* **Problem details**
Lines before the one containing "this 2352×1568 image." are excluded; reproduce that line and all lines after it in the entries below, exactly.
(Supplied material Opens)
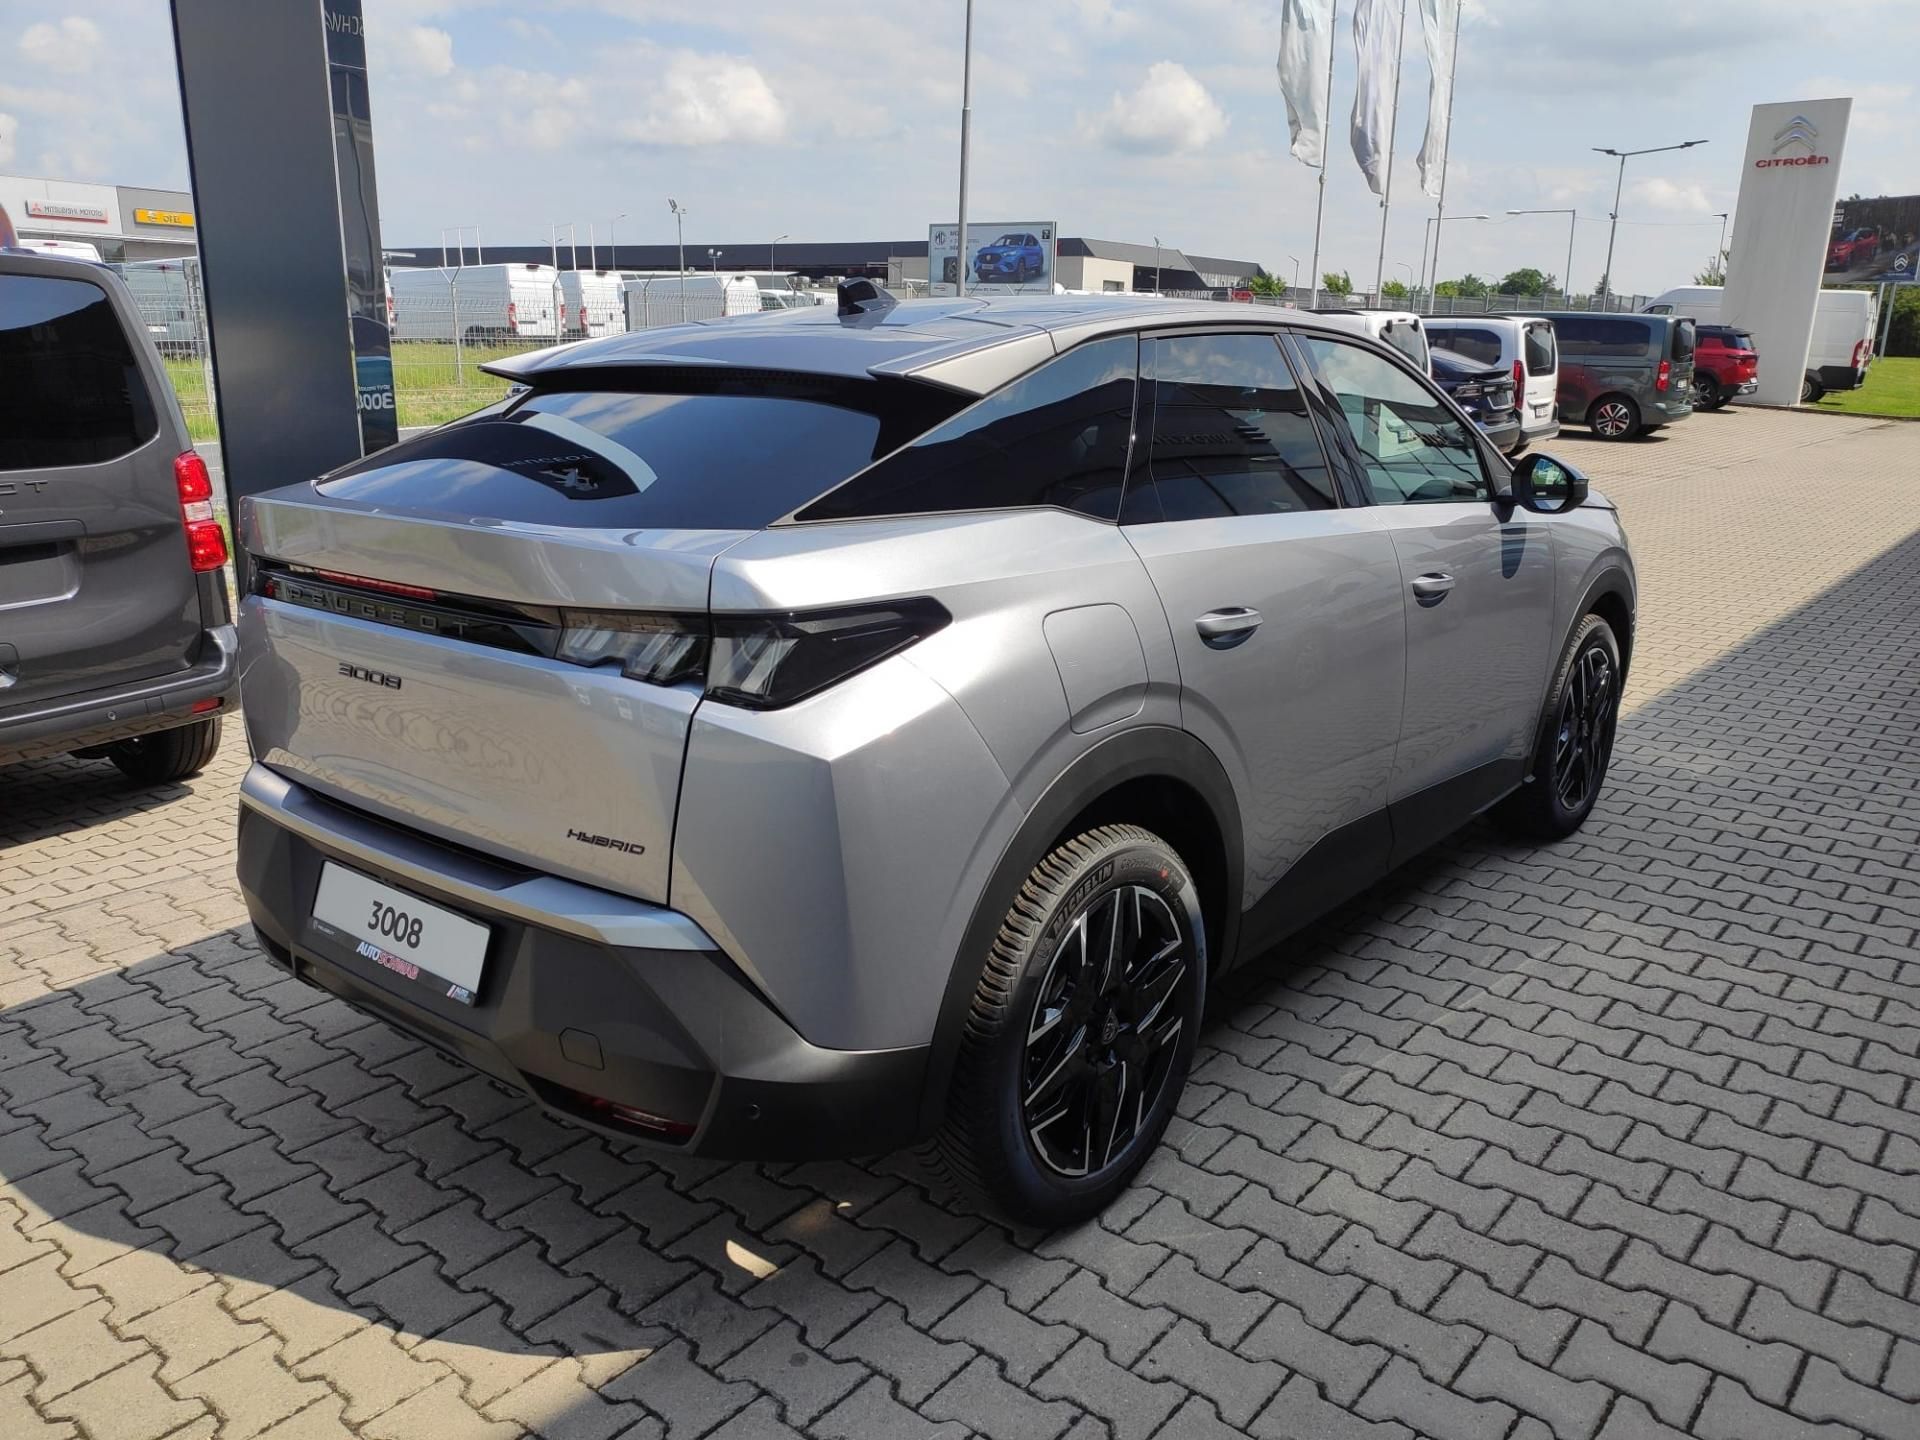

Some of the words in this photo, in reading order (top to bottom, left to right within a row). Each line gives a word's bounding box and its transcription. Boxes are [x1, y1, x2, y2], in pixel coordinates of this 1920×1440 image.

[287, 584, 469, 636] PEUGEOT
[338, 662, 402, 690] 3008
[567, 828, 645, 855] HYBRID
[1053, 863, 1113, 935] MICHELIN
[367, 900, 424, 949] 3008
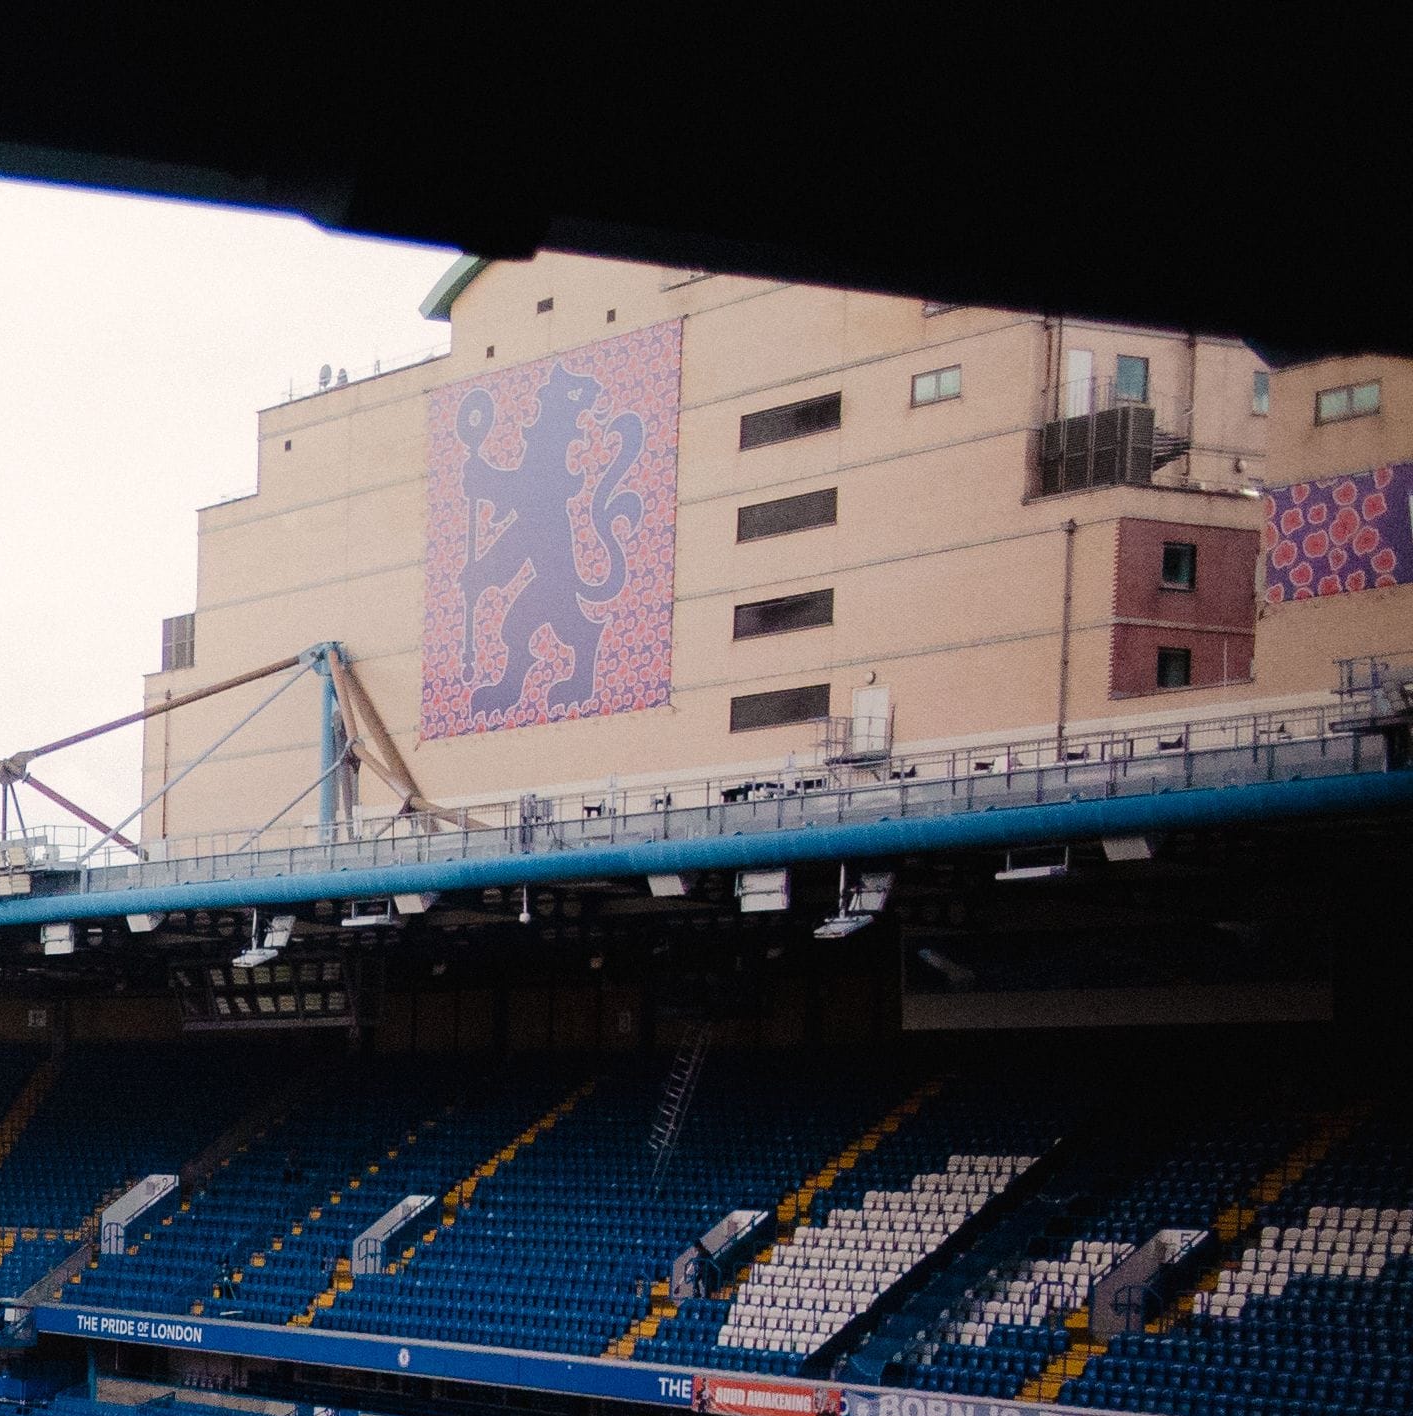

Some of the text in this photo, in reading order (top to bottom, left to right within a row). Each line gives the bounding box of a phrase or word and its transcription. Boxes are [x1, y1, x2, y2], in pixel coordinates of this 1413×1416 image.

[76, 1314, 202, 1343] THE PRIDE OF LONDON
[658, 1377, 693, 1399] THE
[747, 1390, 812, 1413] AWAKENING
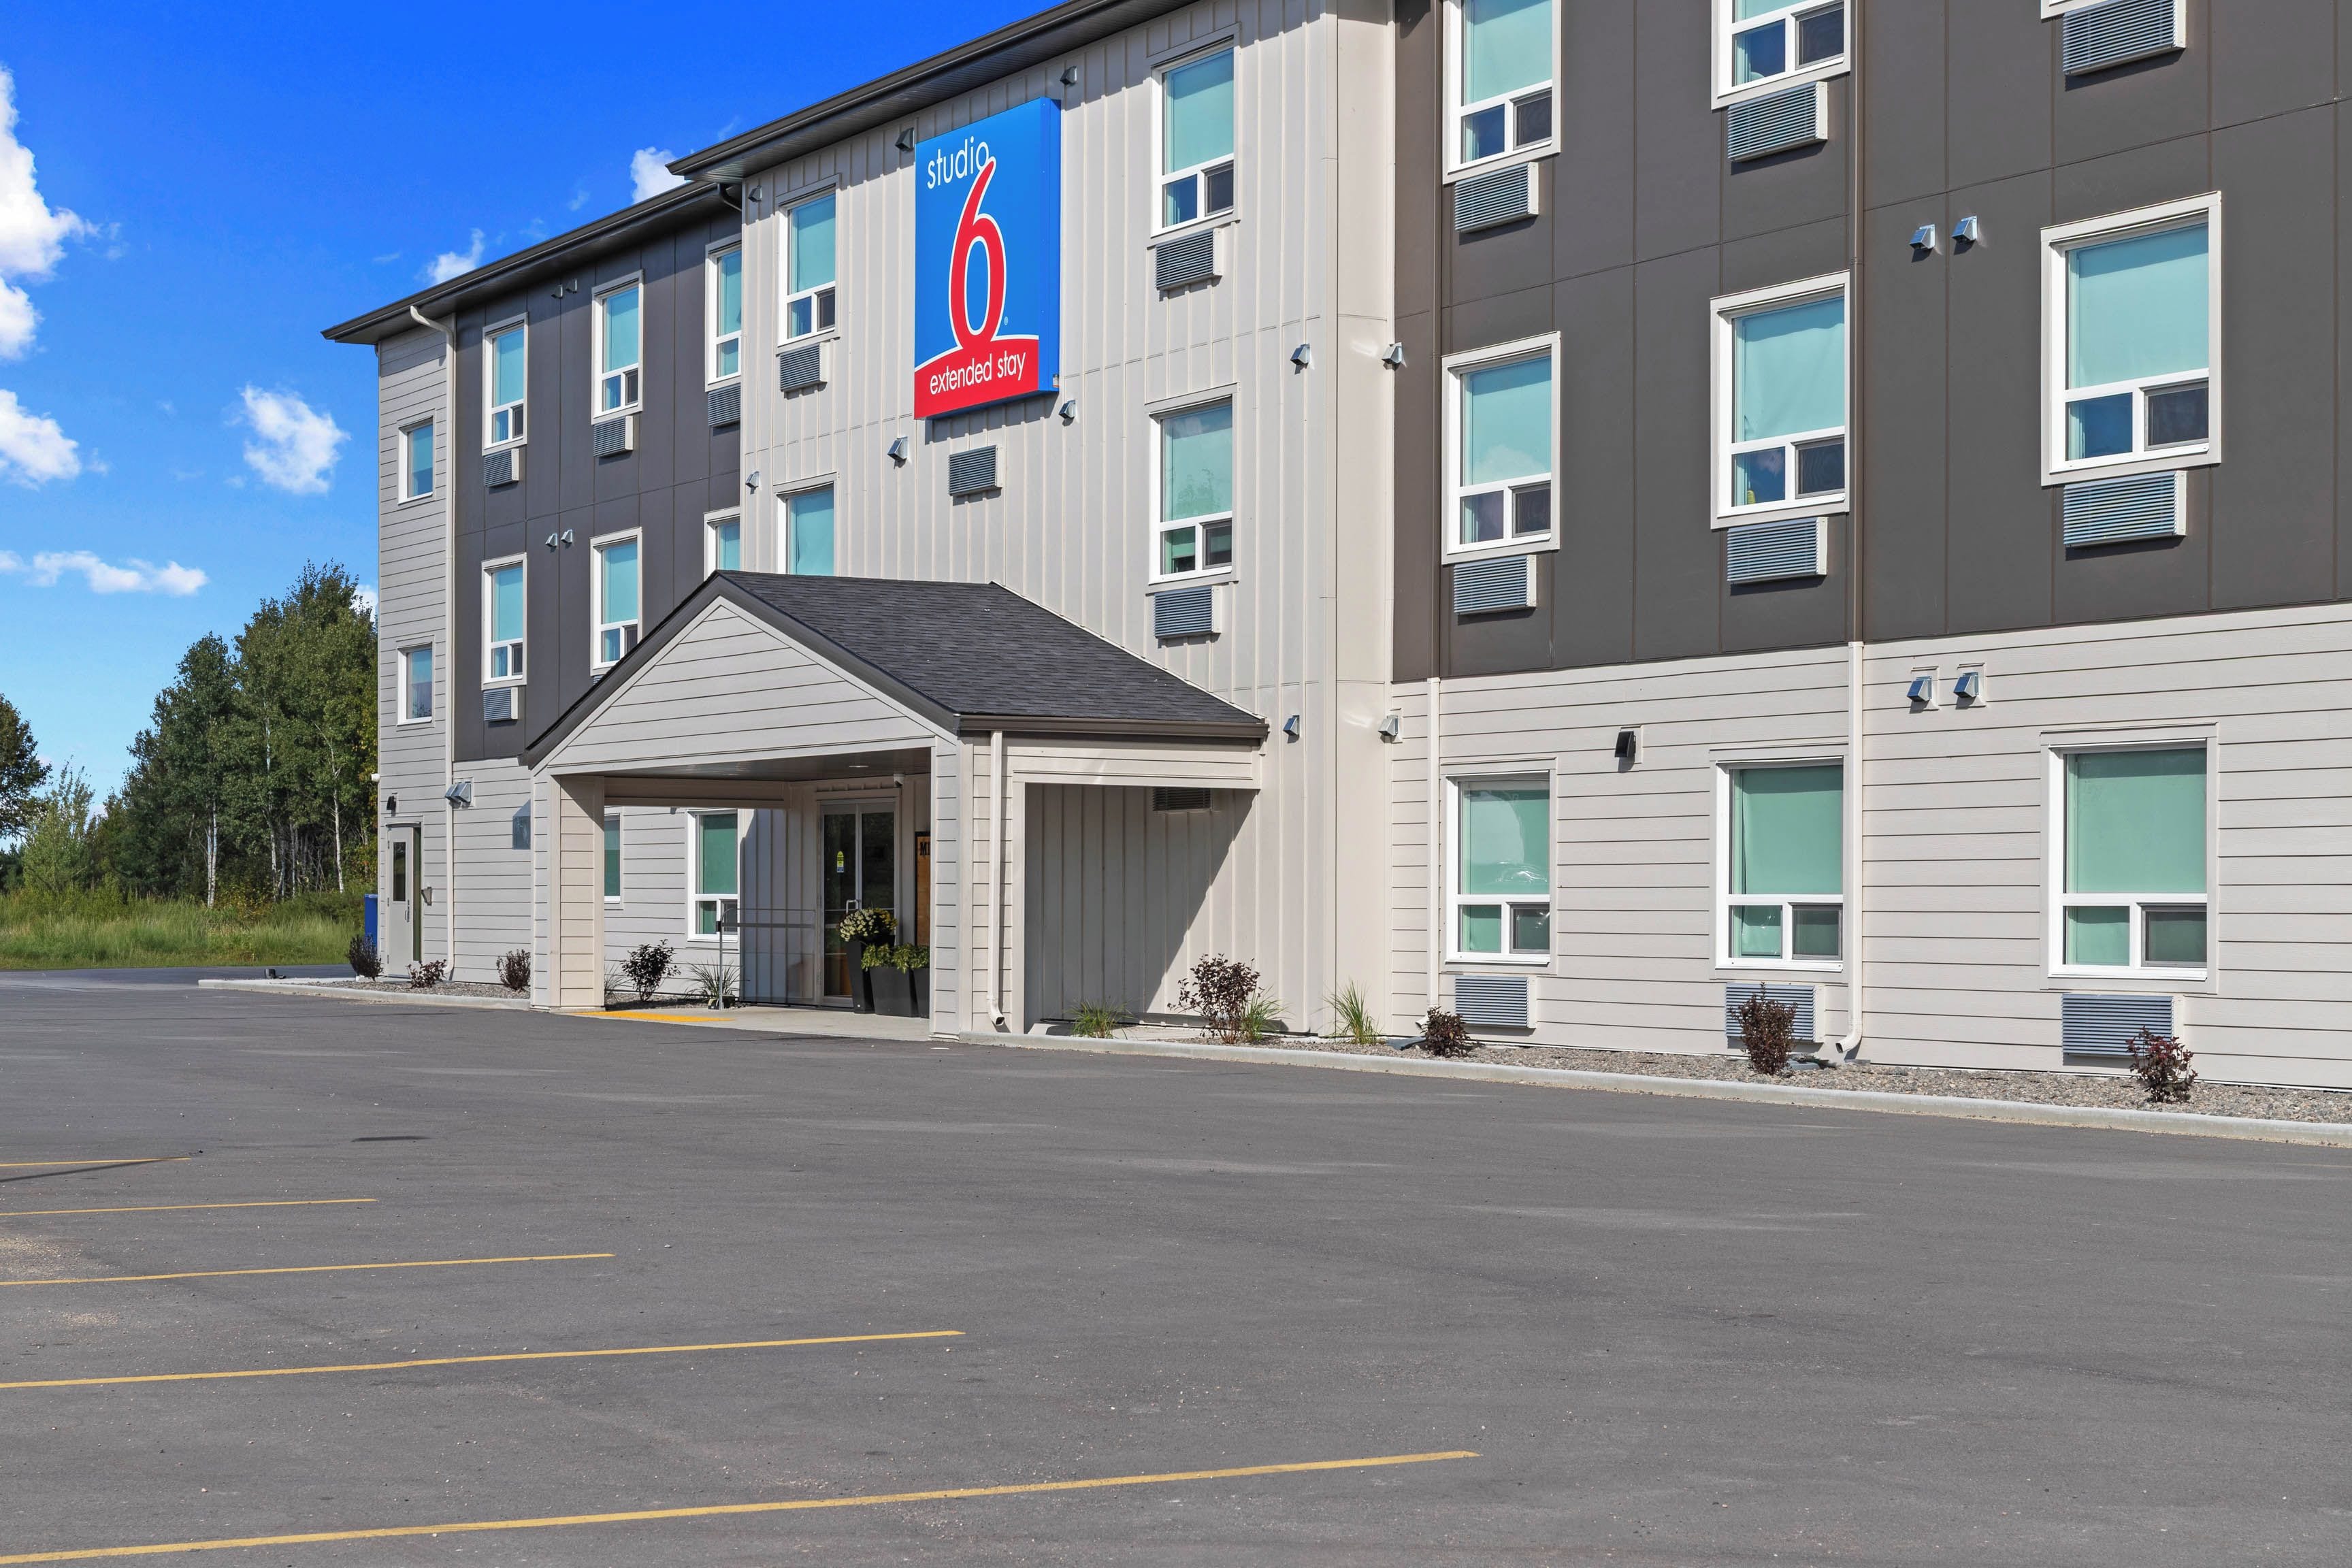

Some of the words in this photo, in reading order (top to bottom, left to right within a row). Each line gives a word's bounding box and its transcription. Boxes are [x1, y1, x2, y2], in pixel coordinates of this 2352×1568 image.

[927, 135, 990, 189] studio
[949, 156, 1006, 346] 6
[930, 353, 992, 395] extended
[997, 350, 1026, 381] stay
(Supplied material Closes)
* **Answer space**
Some of the words in this photo, in reading order (top to bottom, left to right within a row). Each line gives a word's bounding box and its transcription. Boxes are [x1, y1, x2, y2], in pixel coordinates of this 2352×1568 image.

[927, 135, 990, 189] studio
[949, 156, 1006, 346] 6
[930, 353, 992, 395] extended
[997, 350, 1026, 381] stay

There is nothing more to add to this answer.